Let's just start at the beginning shall we...
- Meg Howlett

- May 19, 2024
- 3 min read
I've wanted to share more about the thought process and stories behind my creations for so long but wasn’t sure how best to do it. One thing I love about creating artwork is how it makes others feel, and how everyone always has a different and very personal interpretation of what they see within it. I put off wanting to share my personal interpretation as I didn’t want to spoil the way others saw my work, and influence how they may relate to it. However, I feel that the hidden messages within my creations just adds more to their character, it makes them even more charming. I hope they also help us create conversations about tricky thoughts and feelings in a comfortable uplifting way. So here we are, grab yourself a cuppa and (hopefully) enjoy the Ill-Fitting Thoughts Blog…

So for the first post I thought I’d talk about where Ill-Fitting Fables started and make some sense of the thought process behind the creations of these inanimate object hybrid animals.
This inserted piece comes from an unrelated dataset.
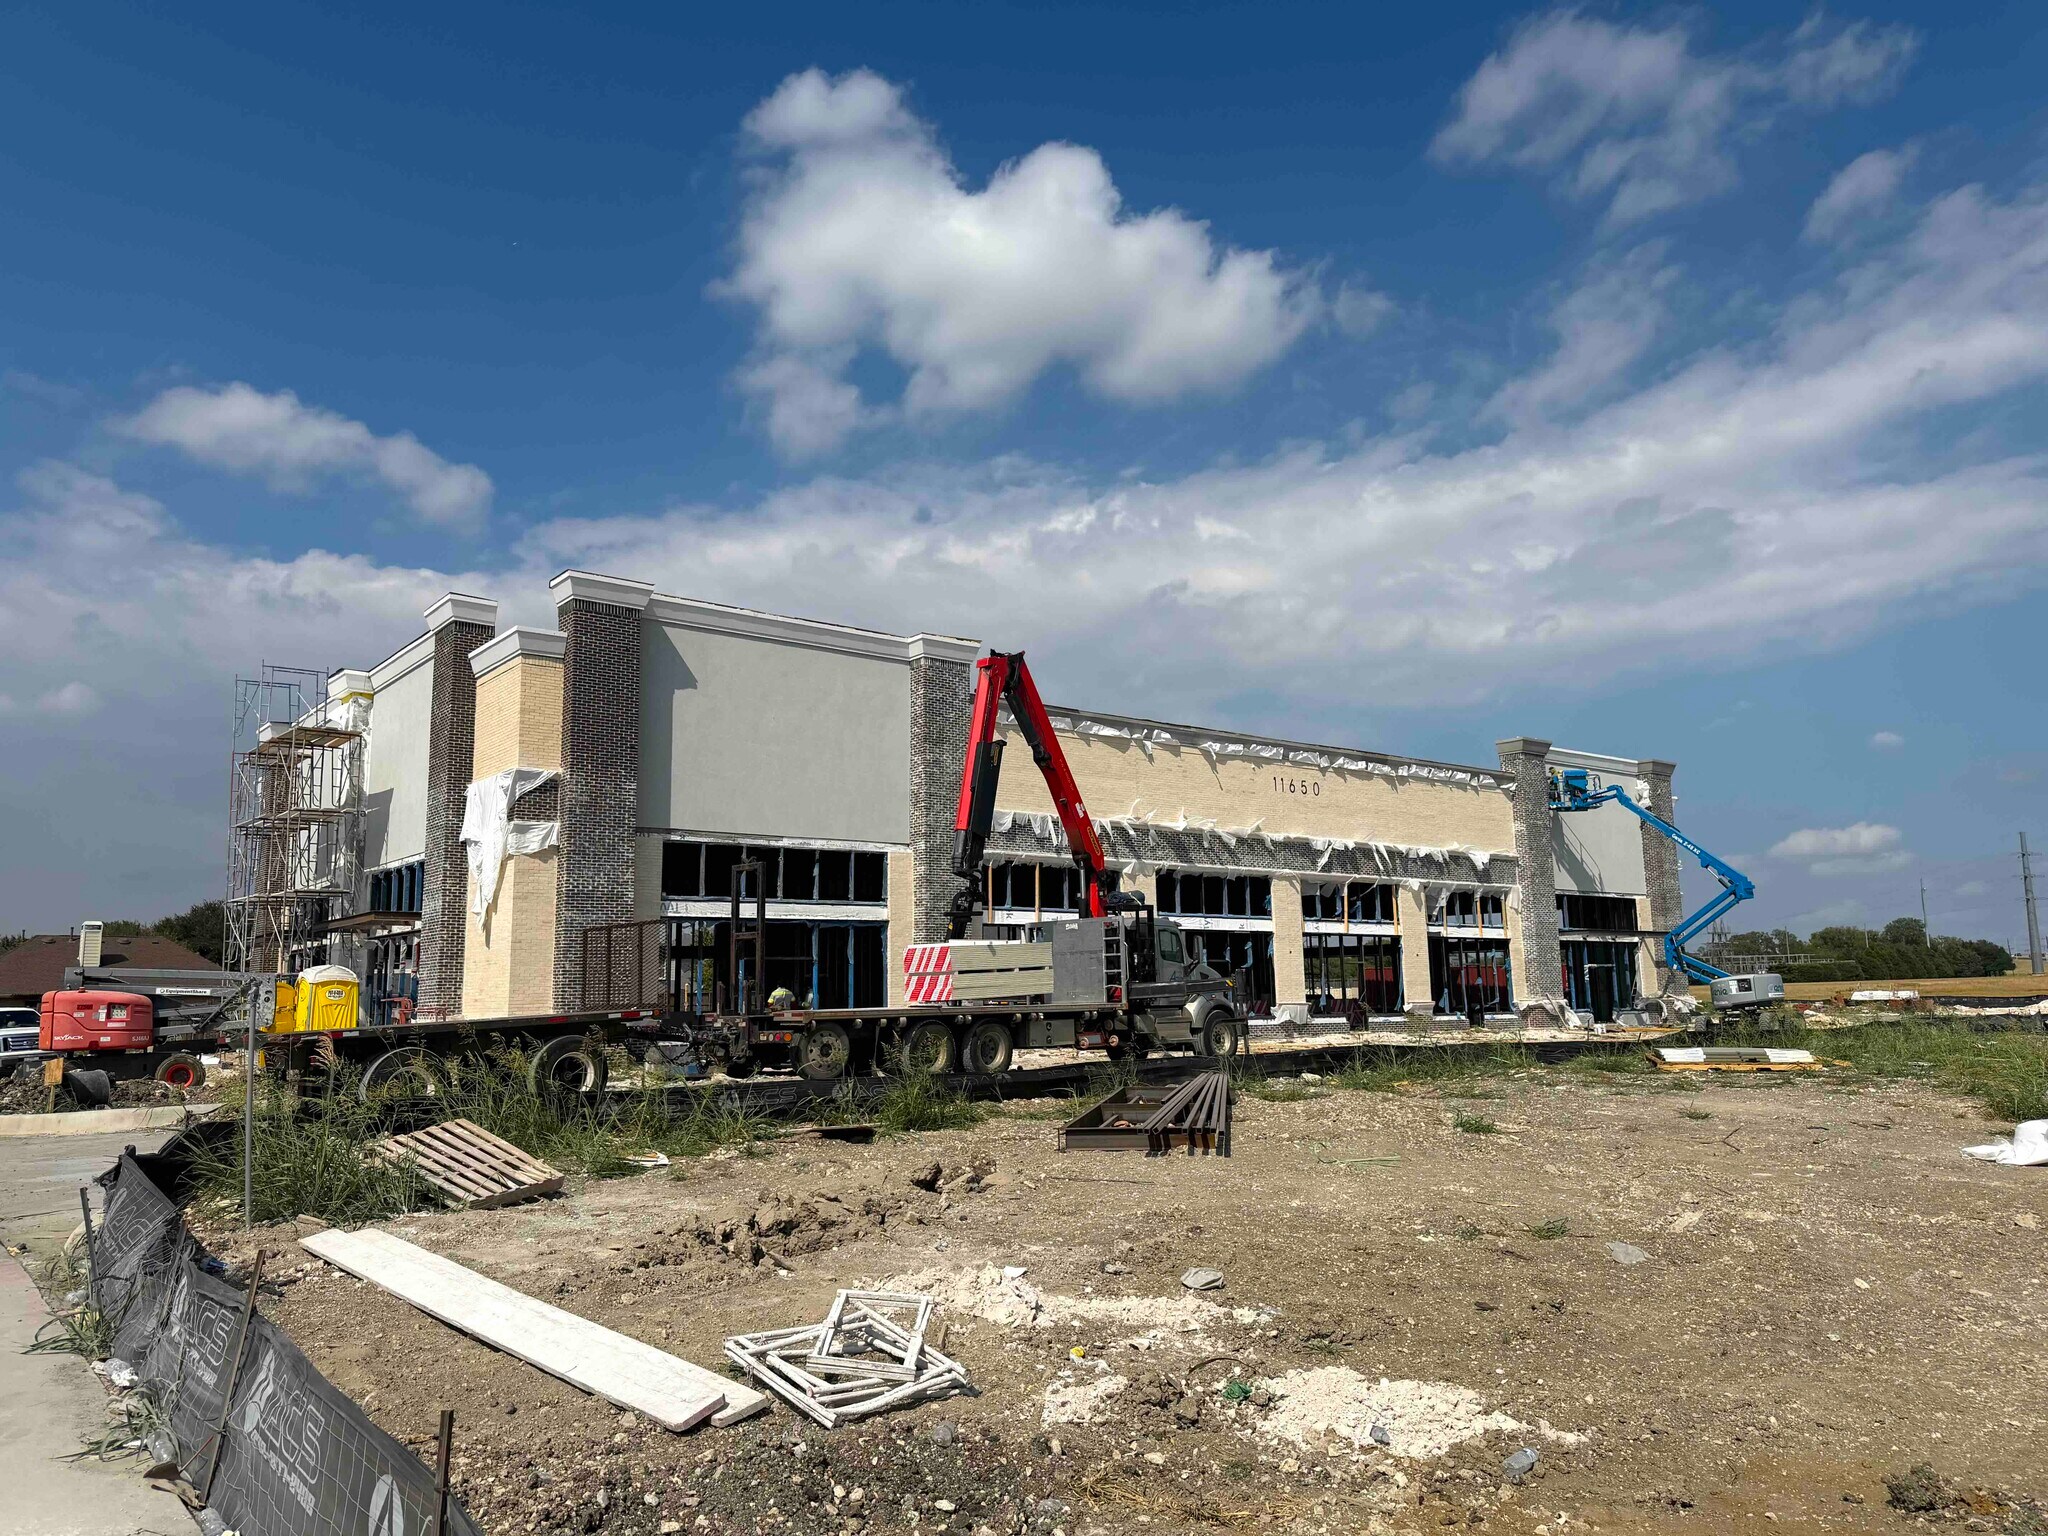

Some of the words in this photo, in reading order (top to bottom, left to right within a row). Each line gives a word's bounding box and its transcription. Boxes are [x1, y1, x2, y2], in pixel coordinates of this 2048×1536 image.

[1273, 776, 1320, 797] 11650
[746, 1086, 797, 1106] ACS
[259, 1373, 325, 1485] ACS
Long story short, I have always adored animals, so it is no mystery to why throughout my creative practice through school and Art School that animals became my main muse. I began to research more into animal symbolism and found comfort in understanding how animals are used in traditional and contemporary storytelling. I began to understand why I used animals in my own storytelling, as I seemed to find it easier to express personal feelings using animal forms as appose to human, it feels less intrusive and confronting. I felt that it opened up a further perspective, allowing individuals to see more of what they wanted to see, and interpret it in a less restrictive frame.
I found myself featuring stags in my artwork a lot, and capturing my spirit within them. There is a beautiful Aesop Fable about a Stag and his Reflection, which I have put at the end of this blog. The fable is about how ‘We often make much of the ornamental and despise the useful’ . I felt that this was how I was treating many different aspects of my life, including my mental health. I started to refer to my stag like self looking at its reflection in the lake, when reflecting on my own emotions. When I felt stressed and overwhelmed I would say I am carrying a lot on my antlers. I would imagine myself as a stag stuck in a game of buckaroo, with all my heavy thoughts and feelings hanging on my antlers like an inconvenient coat rack.
Visualizing my overwhelming emotions this way helped me understand them more and make them easier to talk about. It took the seriousness out of explaining true emotions and made them feel more normal and manageable. We feel endless amounts of emotions, and each emotion is so incredibly complex, that sometimes there is just no easy way to put into words how you are actually feeling. As crazy as it sounds to say "I feel like a Stag Coat Rack" it just seems to make sense for me, and makes the whole feeling of being overwhelmed a less negative and scary thing to admit. As these feelings should be expressed and shared more as they are completely normal and needed for us to actually function through life.
So that's where Ill-Fitting Fables started, like the traditional Fables where animal characters are used to teach us moral lessons, I use my creations to tell stories of thoughts and feelings we experience which aren't so easy to express and understand. Using inanimate objects combined with animals doesn't quiet fit in the usual ideas of Fables story telling, but they just feel right at the same time, much like our feelings.
The Stag and His Reflection
An Aesop Fable
A Stag, drinking from a crystal spring, saw himself mirrored in the clear water. He greatly admired the graceful arch of his antlers, but he was very much ashamed of his spindling legs.
"How can it be," he sighed, "that I should be cursed with such legs when I have so magnificent a crown."
At that moment he scented a panther and in an instant was bounding away through the forest. But as he ran his wide-spreading antlers caught in the branches of the trees, and soon the Panther overtook him. Then the Stag perceived that the legs of which he was so ashamed would have saved him had it not been for the useless ornaments on his head.